## Exercise material
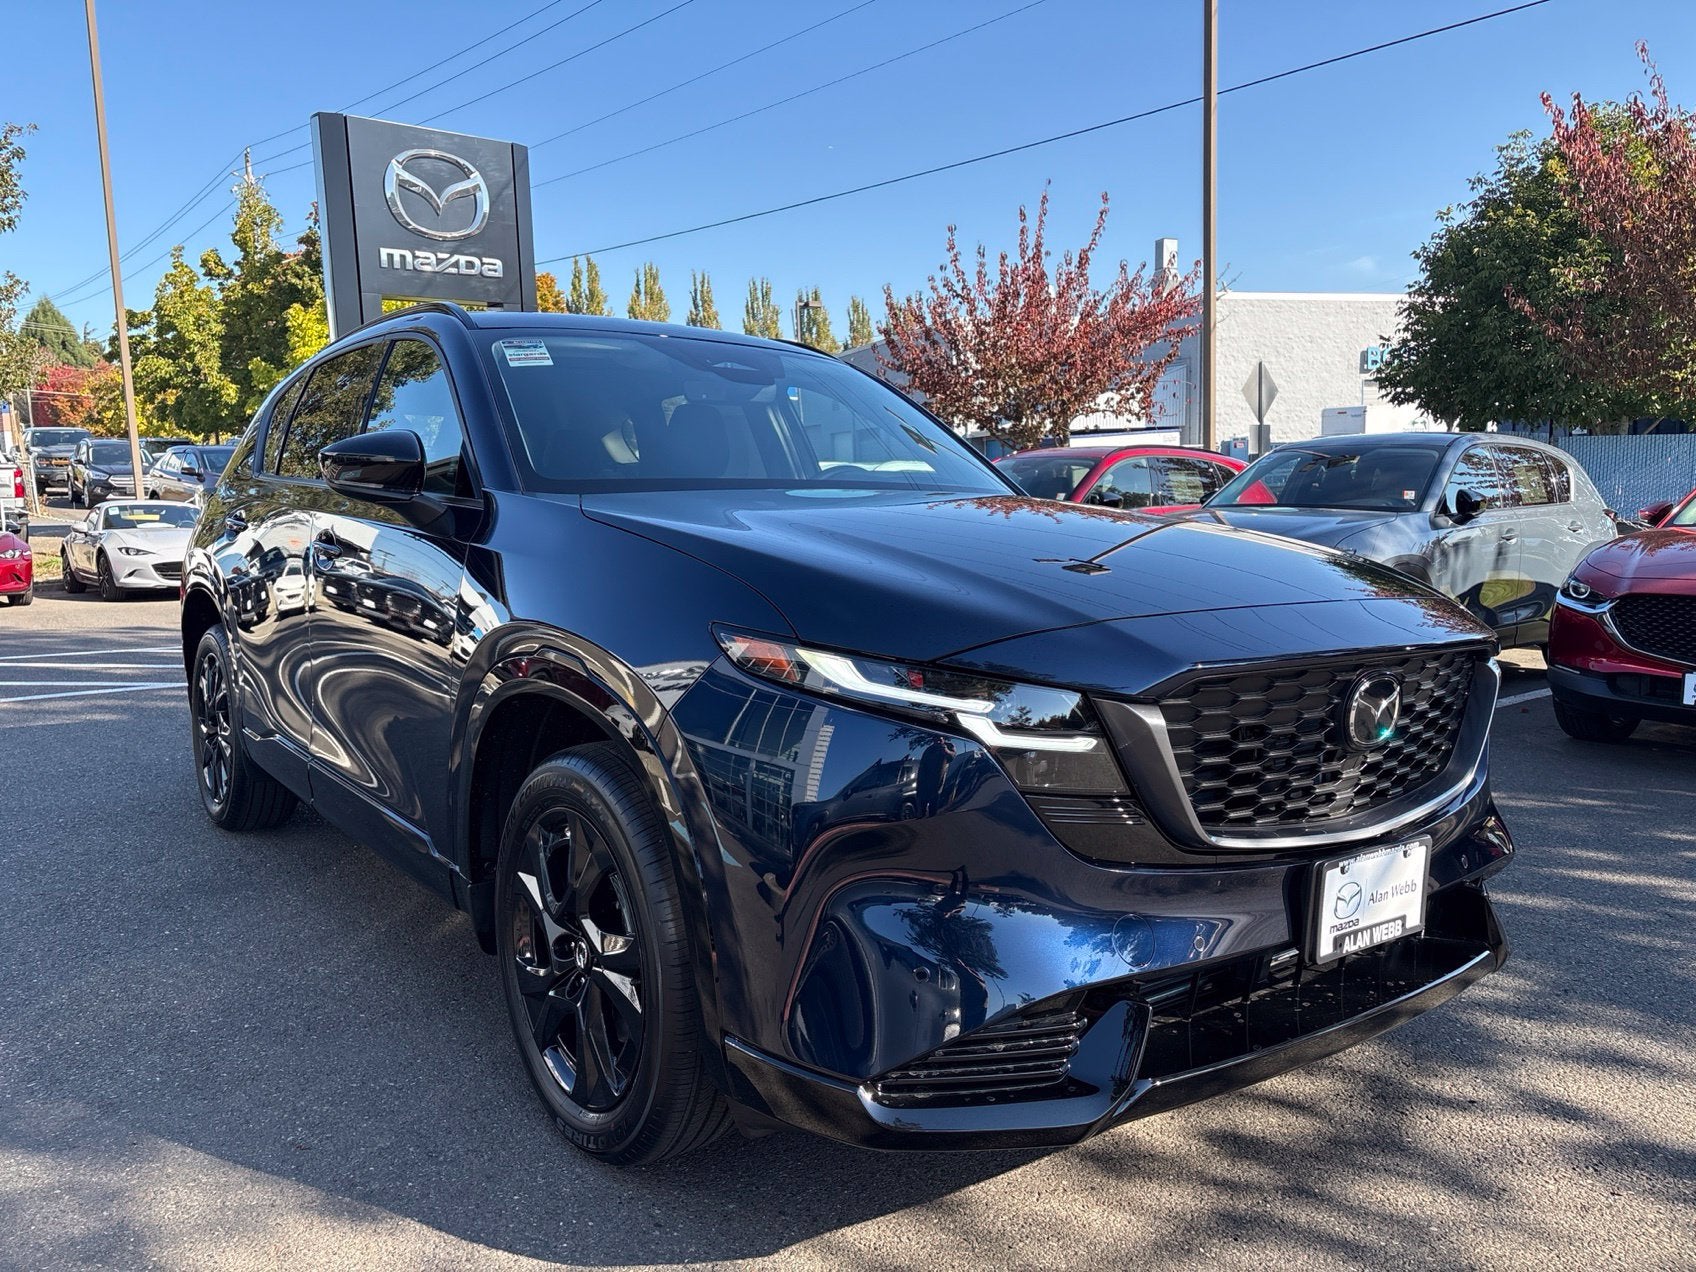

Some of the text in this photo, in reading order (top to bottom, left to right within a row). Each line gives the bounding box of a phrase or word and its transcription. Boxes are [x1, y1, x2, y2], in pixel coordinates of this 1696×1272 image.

[1368, 879, 1417, 906] Alan Webb
[1343, 919, 1402, 953] ALAN WEBB
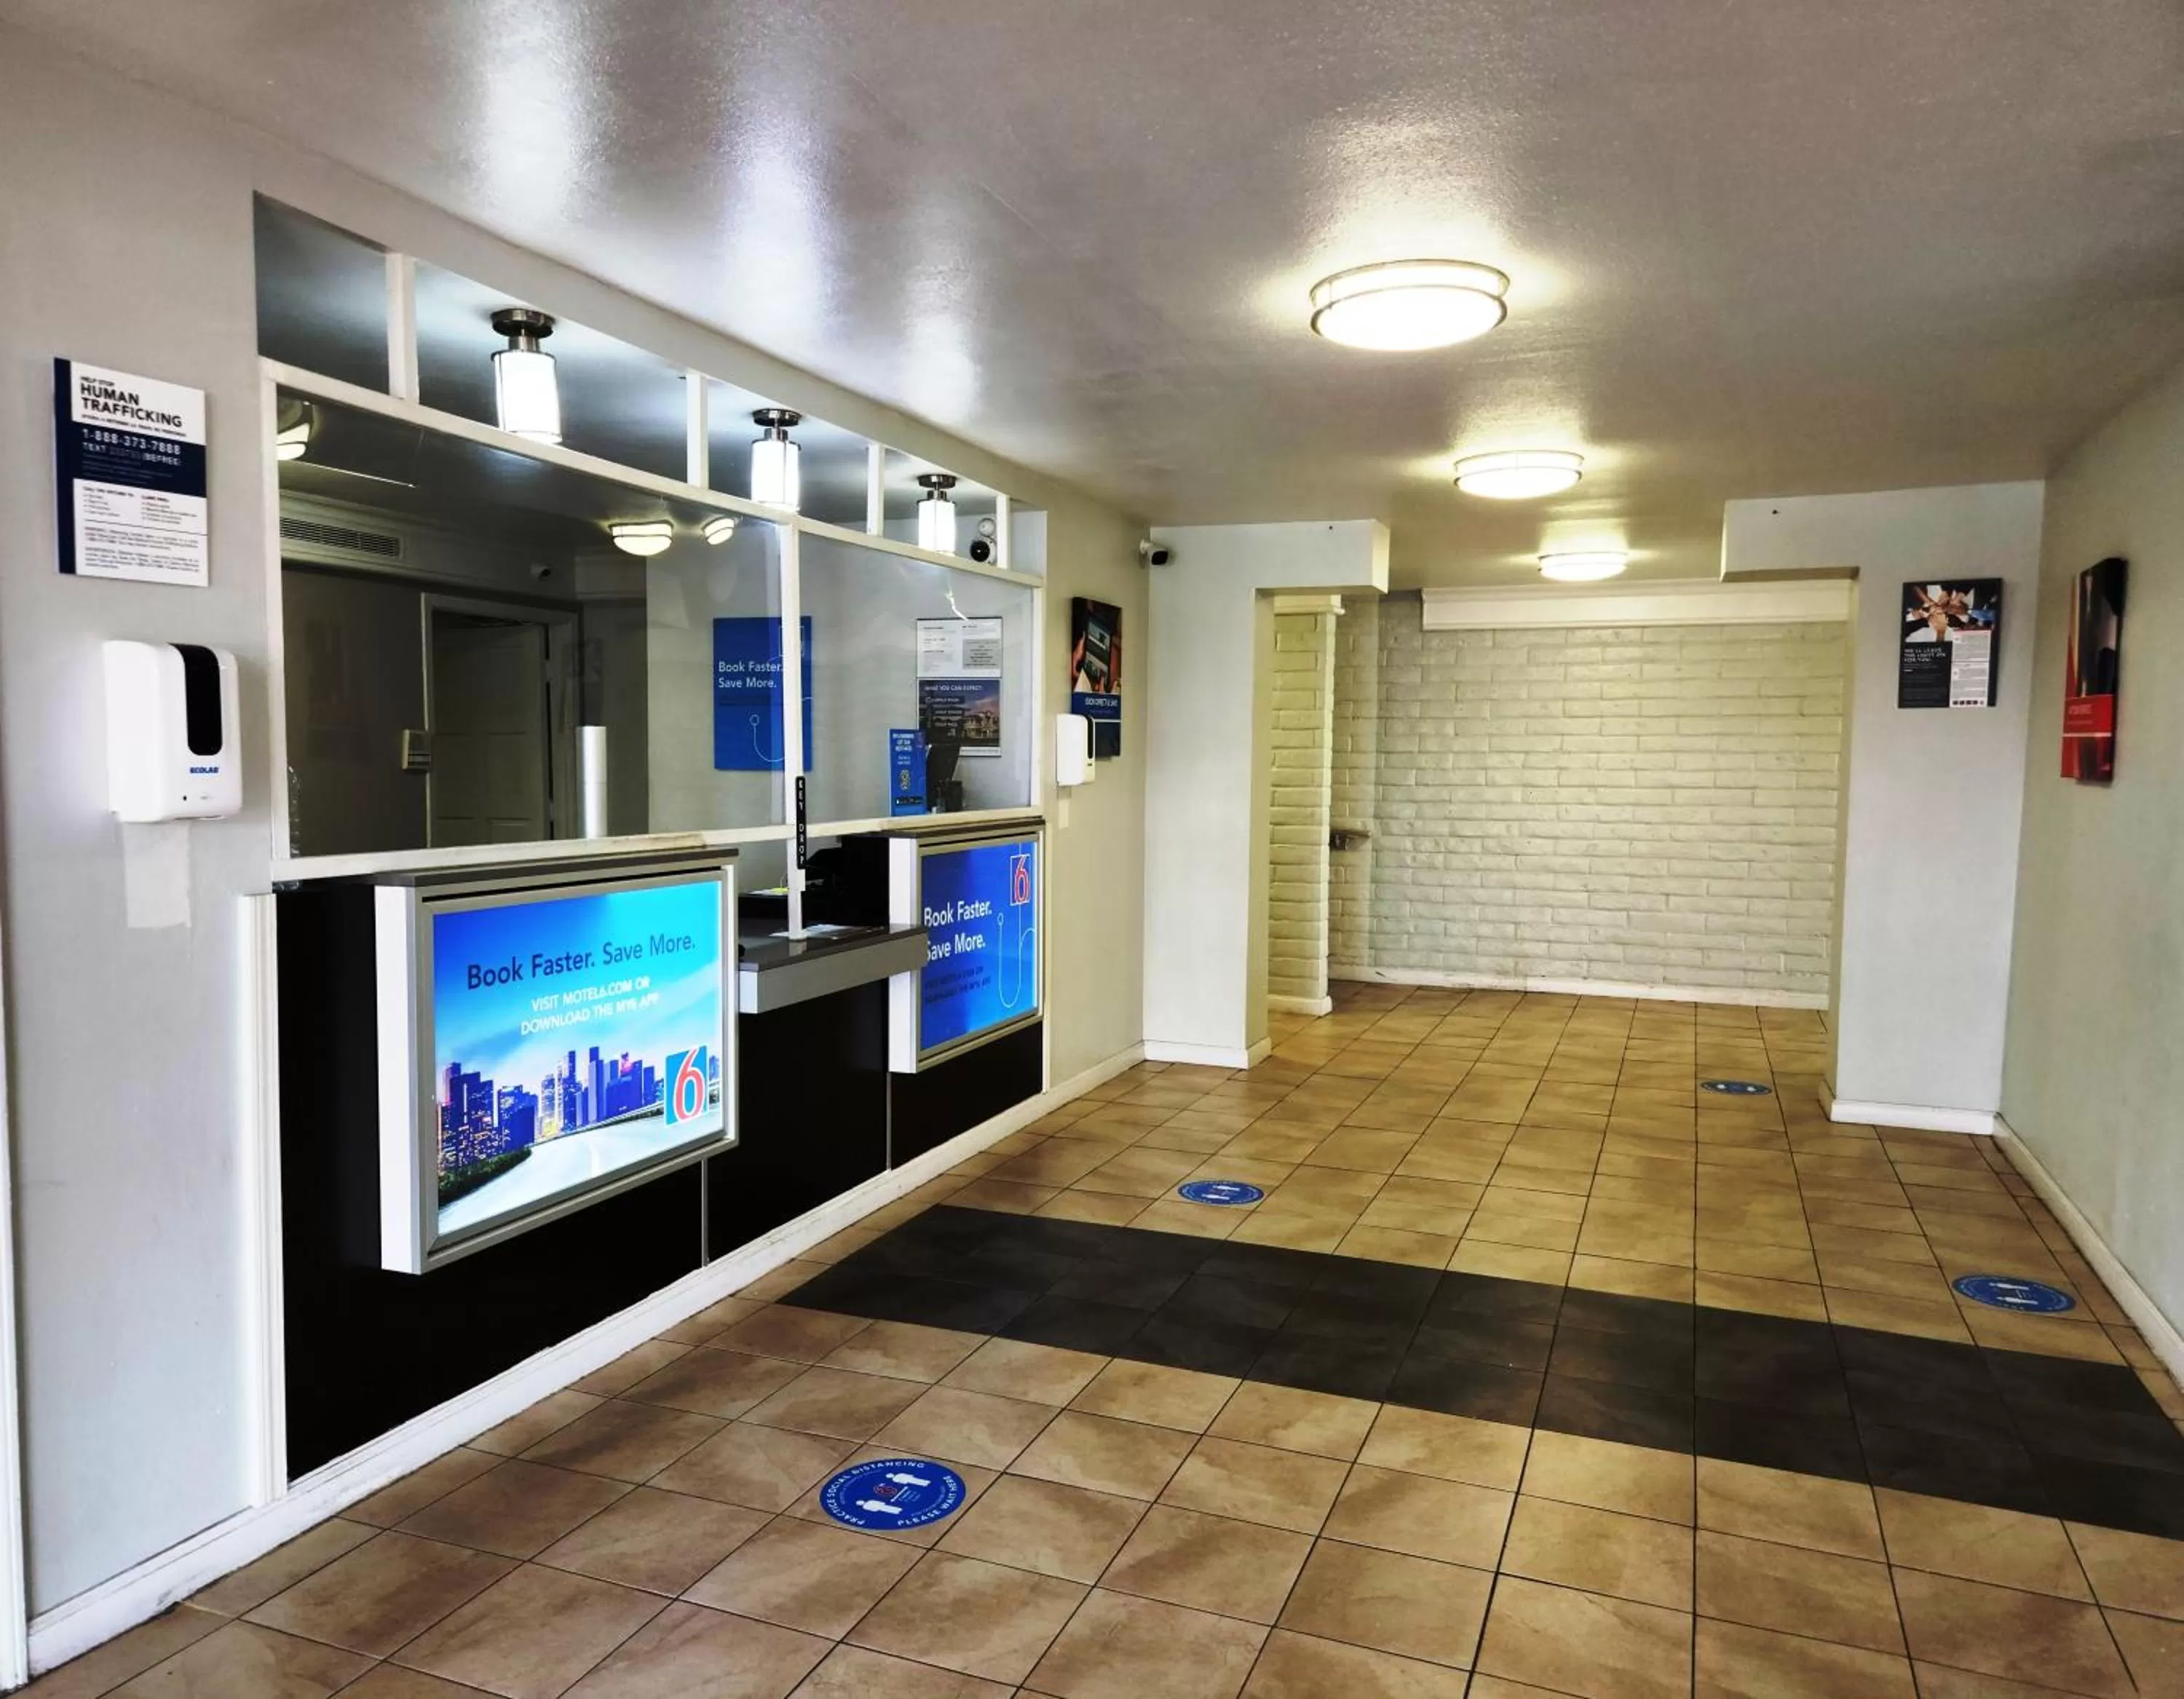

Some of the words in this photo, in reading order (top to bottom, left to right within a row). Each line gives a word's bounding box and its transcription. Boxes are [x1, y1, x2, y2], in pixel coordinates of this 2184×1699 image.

[81, 381, 140, 406] HUMAN
[82, 397, 183, 428] TRAFFICKING
[82, 428, 181, 456] 1-888-373-7888
[719, 660, 745, 672] Book
[719, 676, 743, 688] Save
[746, 676, 778, 688] More.
[924, 901, 954, 927] Book
[957, 900, 992, 920] Faster.
[954, 932, 986, 954] More.
[467, 956, 524, 991] Book
[531, 951, 595, 978] Faster.
[603, 941, 643, 966] Save
[649, 933, 695, 957] More.
[531, 994, 560, 1013] VISIT
[562, 978, 632, 1009] MOTEL6.COM
[635, 975, 651, 990] OR
[521, 1008, 590, 1036] DOWNLOAD
[593, 1001, 614, 1019] THE
[639, 992, 660, 1009] APP
[671, 1046, 705, 1122] 6
[851, 1461, 925, 1475] DISTANCING
[826, 1475, 851, 1497] SOCIAL
[826, 1499, 866, 1525] PRACTICE
[897, 1508, 941, 1526] PLEASE
[940, 1492, 957, 1509] WAIT
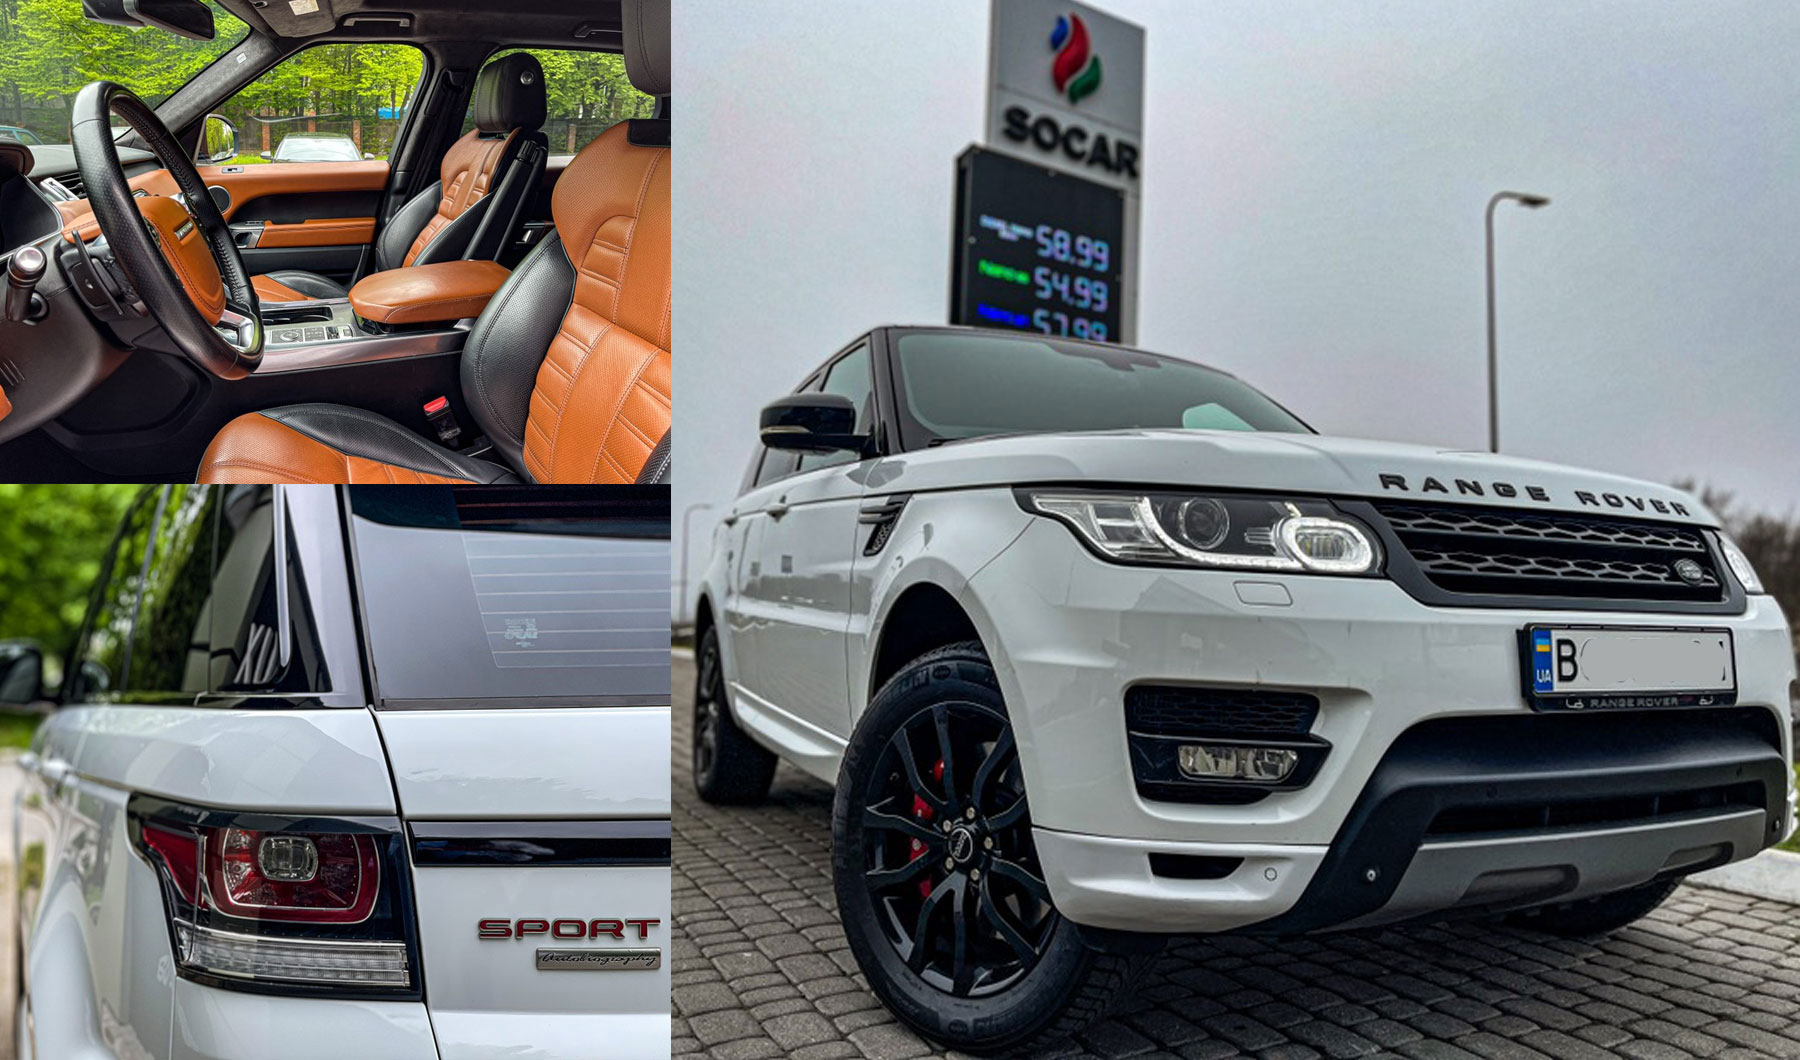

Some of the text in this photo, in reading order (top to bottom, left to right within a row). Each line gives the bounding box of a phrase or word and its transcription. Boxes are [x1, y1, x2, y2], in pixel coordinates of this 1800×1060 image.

## Aim of the exercise
Reproduce the material exactly; keep pictures out.

## Solution to this exercise
Some of the text in this photo, in reading order (top to bottom, left to right within a row). Each line gives the bounding box of a phrase or word and its transcription. Boxes are [x1, y1, x2, y2], in pixel coordinates of this 1696×1272 image.

[1368, 879, 1417, 906] Alan Webb
[1343, 919, 1402, 953] ALAN WEBB

Some of the words in this photo, in reading order (top to bottom, left to right within a row). Each line gives a word's bounding box and its transcription. Boxes are [x1, y1, x2, y2], in pixel coordinates of this 2184×1699 image.

[81, 381, 140, 406] HUMAN
[82, 397, 183, 428] TRAFFICKING
[82, 428, 181, 456] 1-888-373-7888
[719, 660, 745, 672] Book
[719, 676, 743, 688] Save
[746, 676, 778, 688] More.
[924, 901, 954, 927] Book
[957, 900, 992, 920] Faster.
[954, 932, 986, 954] More.
[467, 956, 524, 991] Book
[531, 951, 595, 978] Faster.
[603, 941, 643, 966] Save
[649, 933, 695, 957] More.
[531, 994, 560, 1013] VISIT
[562, 978, 632, 1009] MOTEL6.COM
[635, 975, 651, 990] OR
[521, 1008, 590, 1036] DOWNLOAD
[593, 1001, 614, 1019] THE
[639, 992, 660, 1009] APP
[671, 1046, 705, 1122] 6
[851, 1461, 925, 1475] DISTANCING
[826, 1475, 851, 1497] SOCIAL
[826, 1499, 866, 1525] PRACTICE
[897, 1508, 941, 1526] PLEASE
[940, 1492, 957, 1509] WAIT

Some of the text in this photo, in reading order (top to bottom, left to right within a row). Each line gives the bounding box of a phrase or word and its transcription. Boxes are [x1, y1, x2, y2], in pixel coordinates of this 1800×1060 image.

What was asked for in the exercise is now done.